**Exercise objective**
Without any pictures, restate the full set of records below exactly.

+ + + +

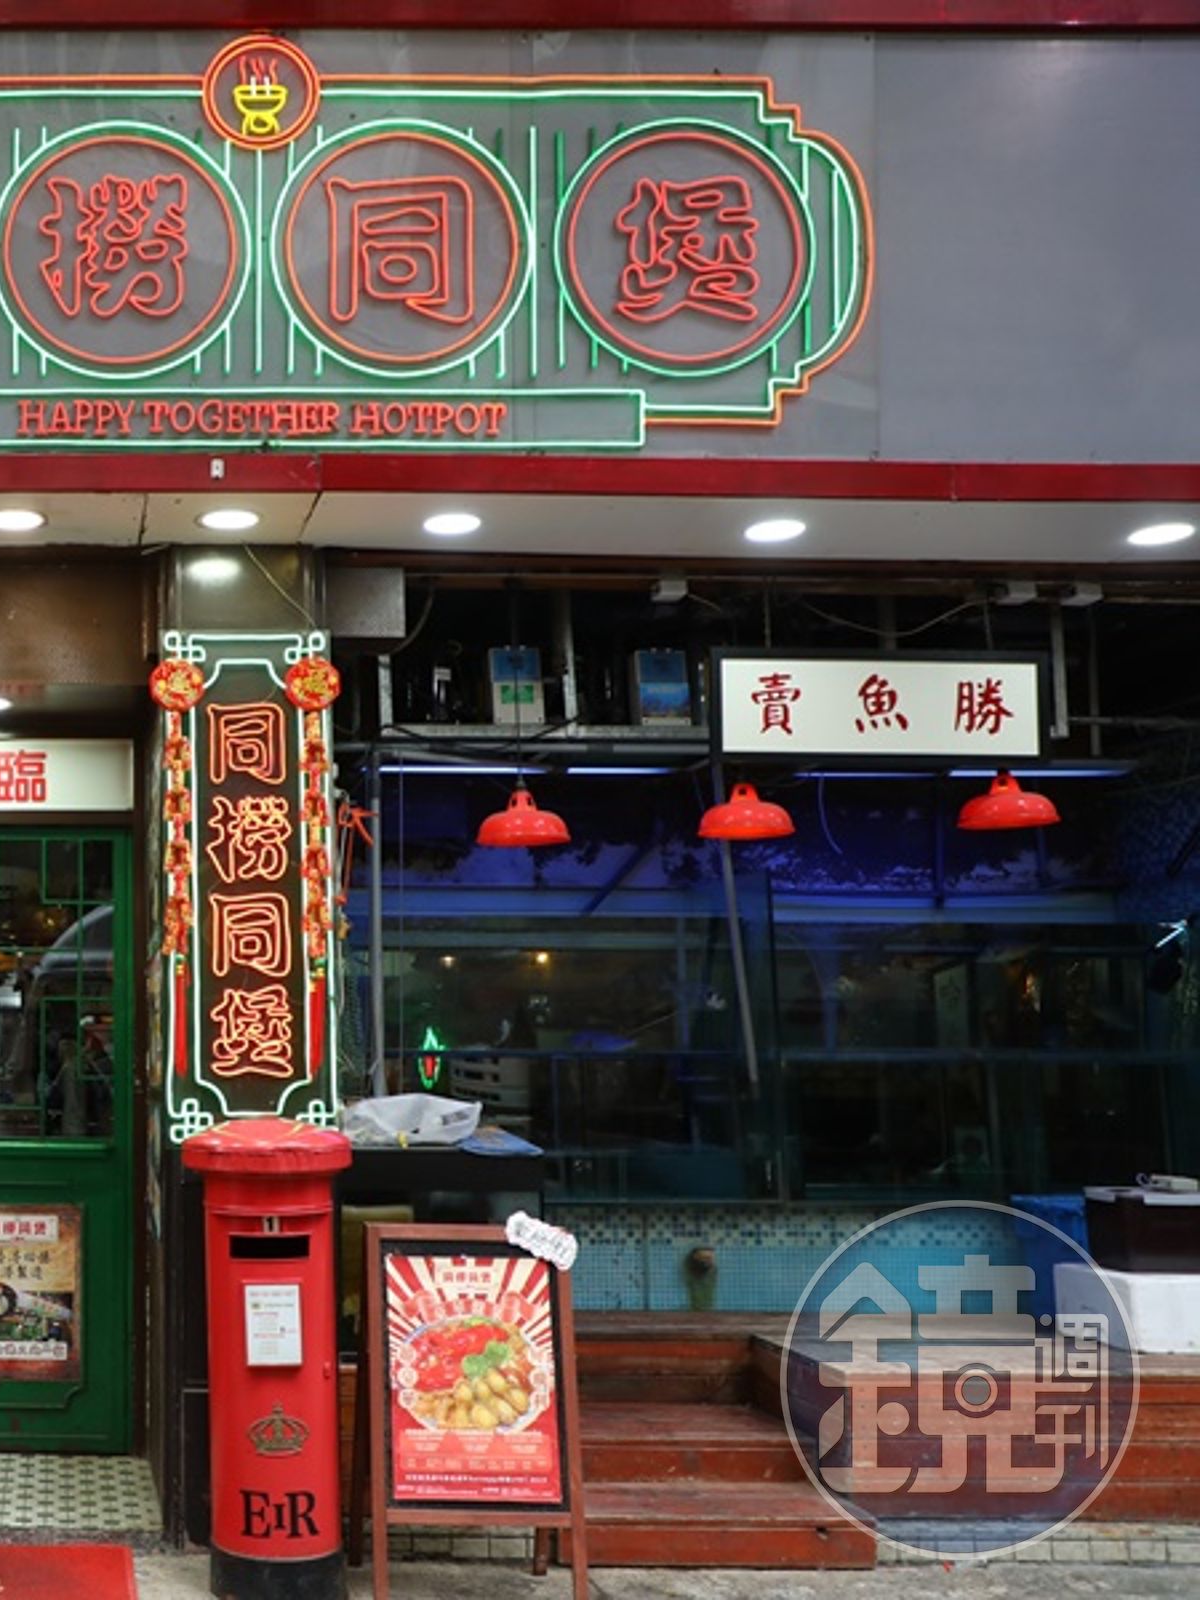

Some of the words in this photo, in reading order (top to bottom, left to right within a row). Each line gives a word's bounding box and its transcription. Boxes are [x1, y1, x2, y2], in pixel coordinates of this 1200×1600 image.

[17, 399, 135, 437] HAPPY
[142, 399, 342, 437] TOGETHER
[348, 401, 508, 437] HOTPOT
[751, 672, 1013, 734] 賣魚勝
[205, 702, 294, 1077] 同撈同煲
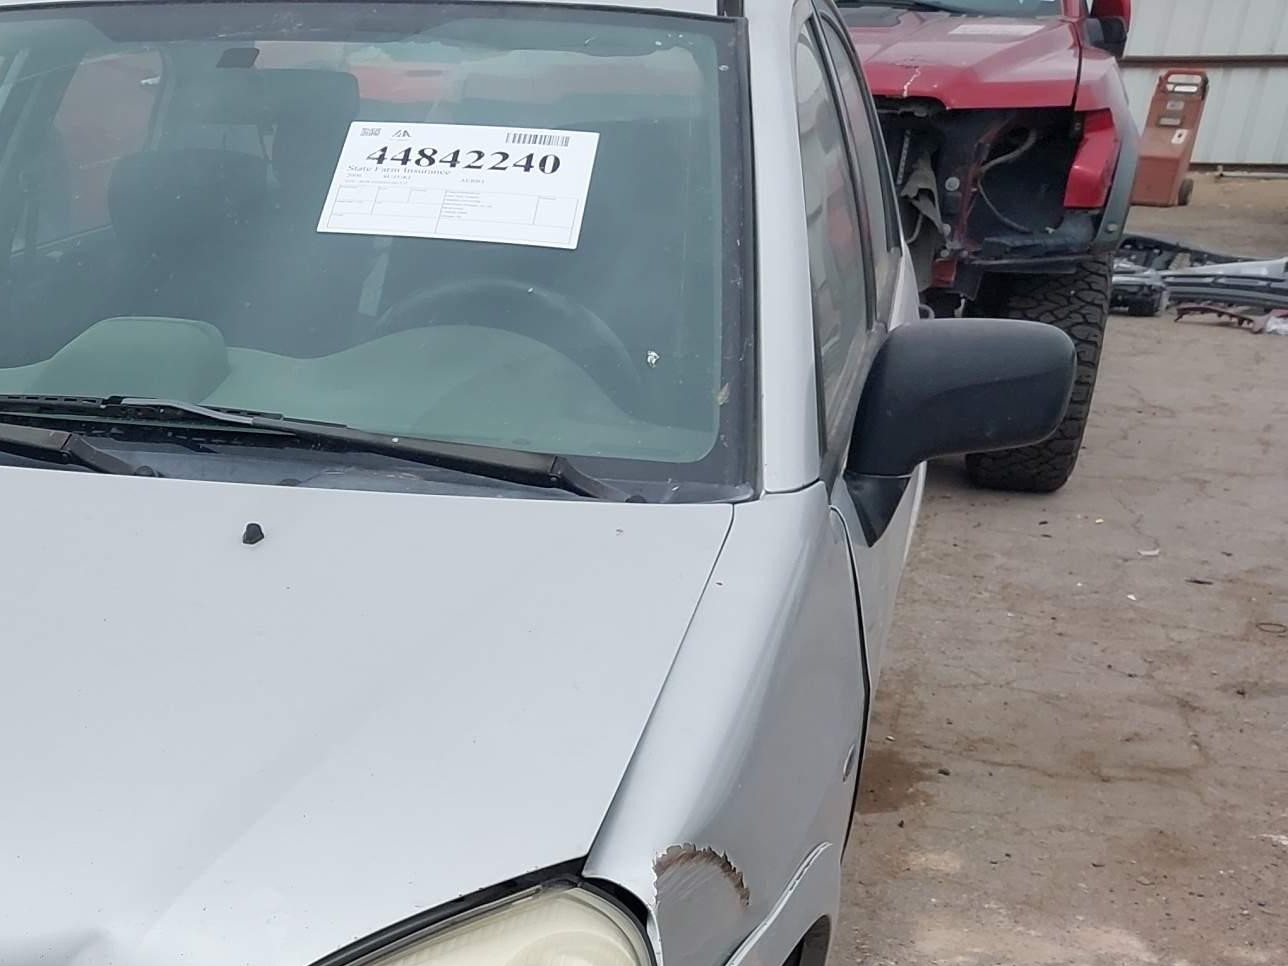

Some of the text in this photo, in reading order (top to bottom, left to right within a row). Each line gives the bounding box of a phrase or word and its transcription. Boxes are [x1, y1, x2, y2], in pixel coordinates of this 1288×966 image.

[366, 146, 561, 175] 44842240
[373, 166, 401, 174] Farm
[402, 167, 452, 176] Insurance

+ + + +

**Completed task**
Some of the words in this photo, in reading order (top to bottom, left to right within a row). Each line gives a word's bounding box and its transcription. Boxes are [x1, y1, x2, y2], in pixel coordinates of this 1200×1600 image.

[17, 399, 135, 437] HAPPY
[142, 399, 342, 437] TOGETHER
[348, 401, 508, 437] HOTPOT
[751, 672, 1013, 734] 賣魚勝
[205, 702, 294, 1077] 同撈同煲

Some of the text in this photo, in reading order (top to bottom, left to right within a row). Each line gives the bounding box of a phrase or word and its transcription. Boxes are [x1, y1, x2, y2], in pixel coordinates of this 1288×966 image.

[366, 146, 561, 175] 44842240
[373, 166, 401, 174] Farm
[402, 167, 452, 176] Insurance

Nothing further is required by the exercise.